[p2p-hackers] network coding put to practical p2p content dist. use

coderman coderman at gmail.com
Mon Jun 20 23:05:23 UTC 2005


On 6/20/05, Nick Johnson <arachnid at notdot.net> wrote:
> ...
> Trackers in BitTorrent don't deal with individual data blocks - only
> peer discovery.

i explained that very poorly, my apologies.  by centralized i meant
the metadata contained in the torrent, which consists of finite blocks
and their SHA1 digest (among other details) and the authoritative
introduction performed by the tracker(s) referenced in the torrent
metadata.

in this case peers can only exchange the exact blocks defined in the
torrent and will (currently) only discover peers through the
authoritative tracker(s).  there are ways to improve efficiency in
this situation dealing with coordination between peers and/or trackers
(for example, intelligent trackers that order peers in the list in
particular ways, the super seeder modes for rapid seeding of popular
torrents, etc) but these all deal with scheduling of the same static
blocks.

authenticated network codes would allow peers to send freshly coded
chunks of a current dataset without any predefined block offsets.  the
two advantages this could provide (assuming CPU/memory costs are not
prohibitive) are:

- introduction outside of a .torrent/tracker, since peers no longer
need to be exchanging the exact same fixed blocks, only the same data
(and yet still be able to trust a given network coded chunk)
- less complicated scheduling because of the way novel bits are
incorporated into subsequent re-encoded blocks, thus obviating the
need for some of the complicated scheduling used by trackers and/or
peers / superseeders.

this is the core difference i meant to reference in earlier posts. 
bittorrent as it currently works with distinct authenticated blocks in
metadata and tracker introduction will not benefit from network coding
or other online / error coding (over the internet), the efficiency
tweaks possible can be done on a blocking / scheduling basis.

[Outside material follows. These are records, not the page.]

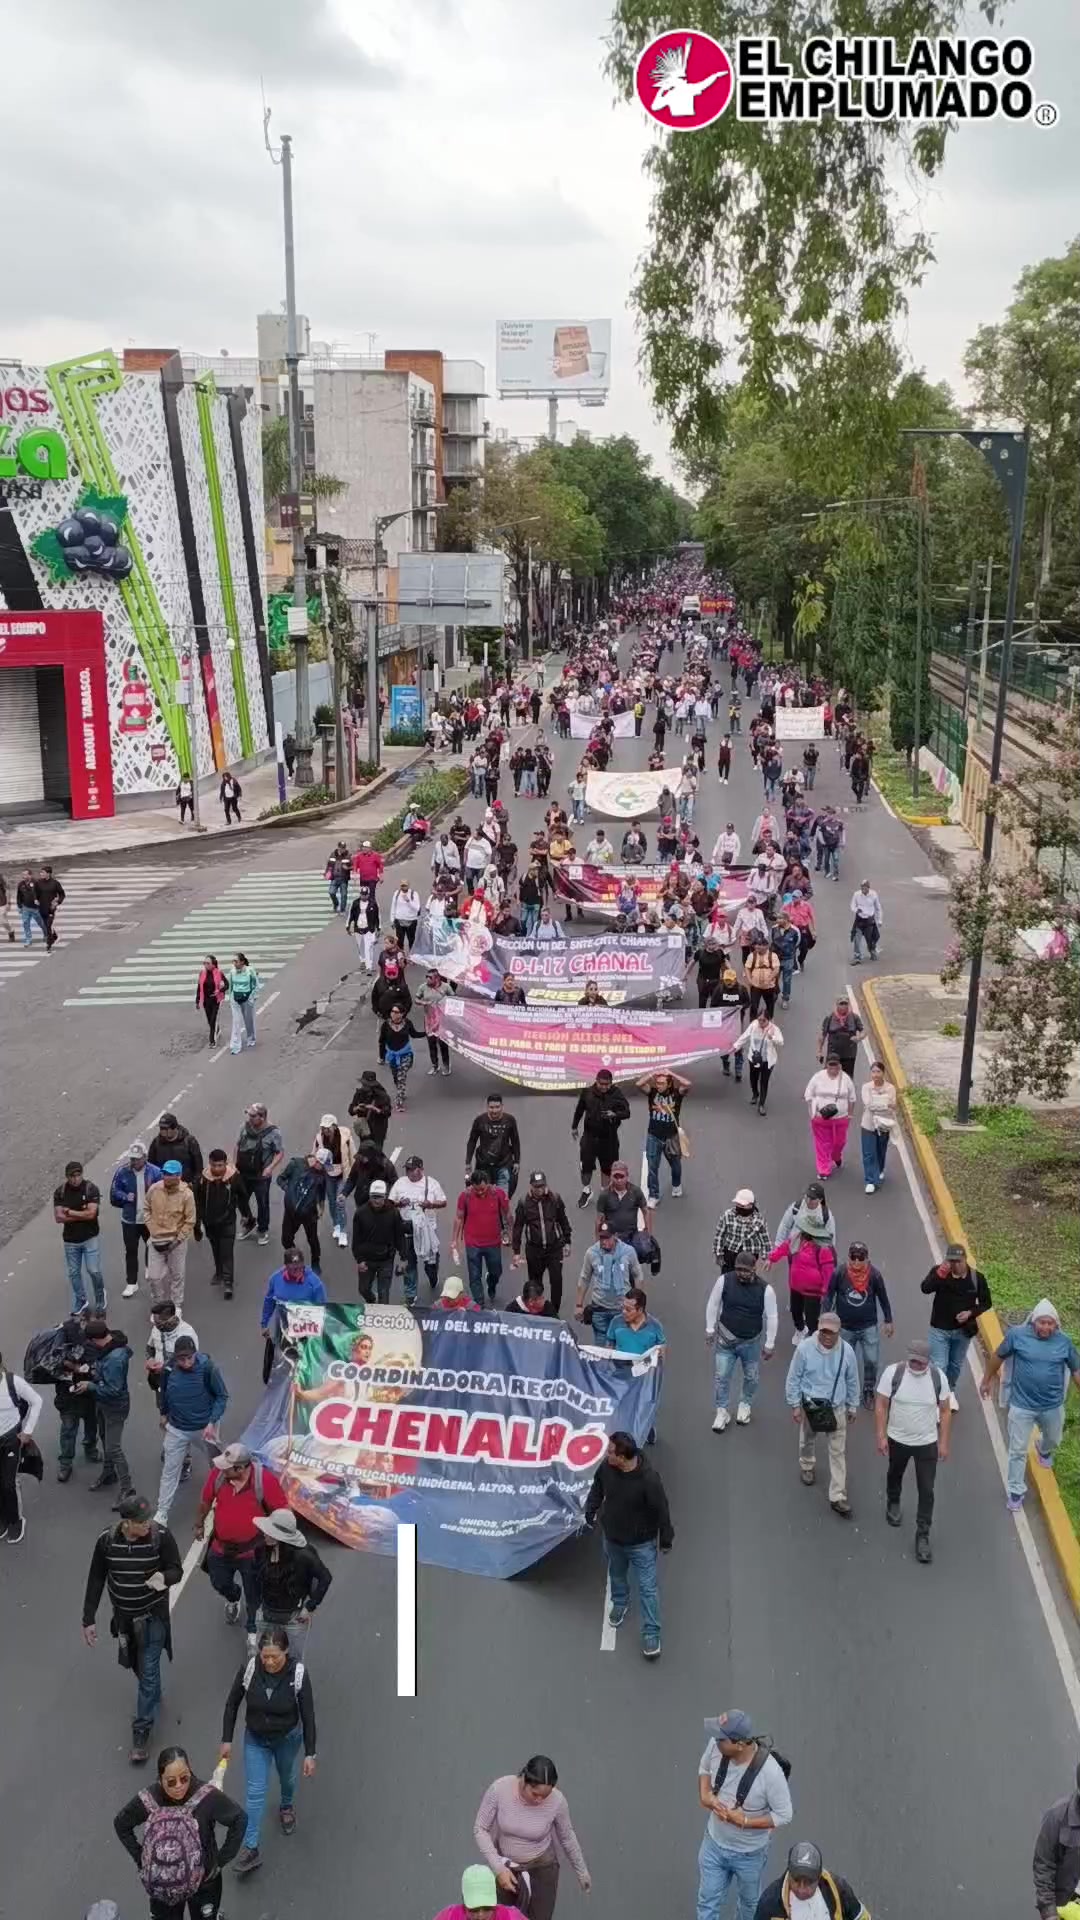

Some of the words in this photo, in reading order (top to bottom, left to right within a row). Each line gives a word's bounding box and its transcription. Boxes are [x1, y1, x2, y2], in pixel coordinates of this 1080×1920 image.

[83, 722, 97, 770] ABSOLUT
[552, 941, 568, 950] DEL
[620, 935, 662, 947] CHIAPAS
[569, 951, 653, 975] CHANAL
[572, 1032, 609, 1042] ALTOS
[356, 1313, 415, 1330] SECCIÓN
[422, 1319, 438, 1331] VII
[444, 1319, 470, 1333] DEL
[474, 1321, 556, 1344] SNTE-CNTE,
[328, 1361, 504, 1396] COORDINADORA
[510, 1375, 613, 1416] REGIONAL
[289, 1450, 324, 1470] NIVEL
[327, 1462, 345, 1474] DE
[347, 1465, 416, 1486] EDUCACIÓN
[417, 1476, 476, 1492] INDÍGENA,
[478, 1482, 516, 1495] ALTOS,
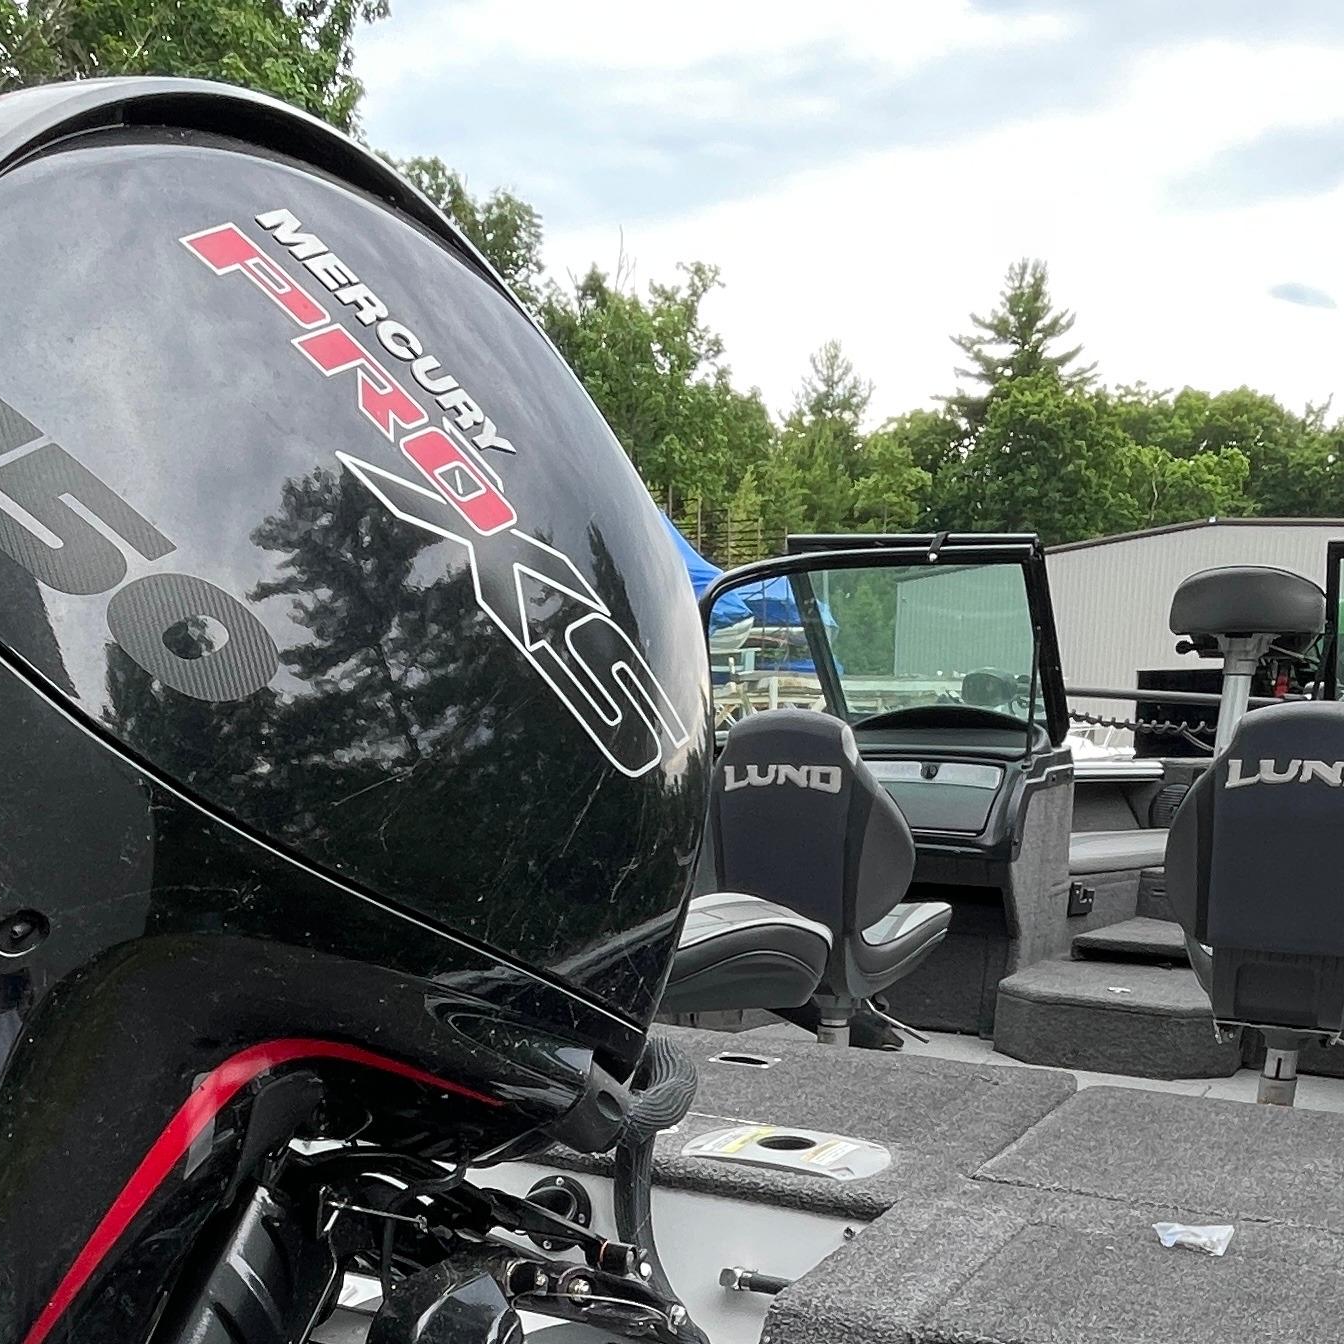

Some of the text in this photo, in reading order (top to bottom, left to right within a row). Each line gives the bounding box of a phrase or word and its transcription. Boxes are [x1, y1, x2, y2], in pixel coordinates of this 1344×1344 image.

[178, 221, 518, 537] PRO
[255, 209, 517, 456] MERCURY
[335, 415, 690, 777] XS
[723, 763, 843, 794] LUND

network codes might be able to approach the same high efficiencies
without a fixed set of blocks and with less need for smarts in a
tracker or seeder peer.  which in turn makes them well suited for the
types of edge cases the authors cite as problematic for bittorrent
efficiency: large heterogeneous networks (tracker overload?), high
peer churn (block scheduling/tracker overload?), and flash crowds (the
superseeders).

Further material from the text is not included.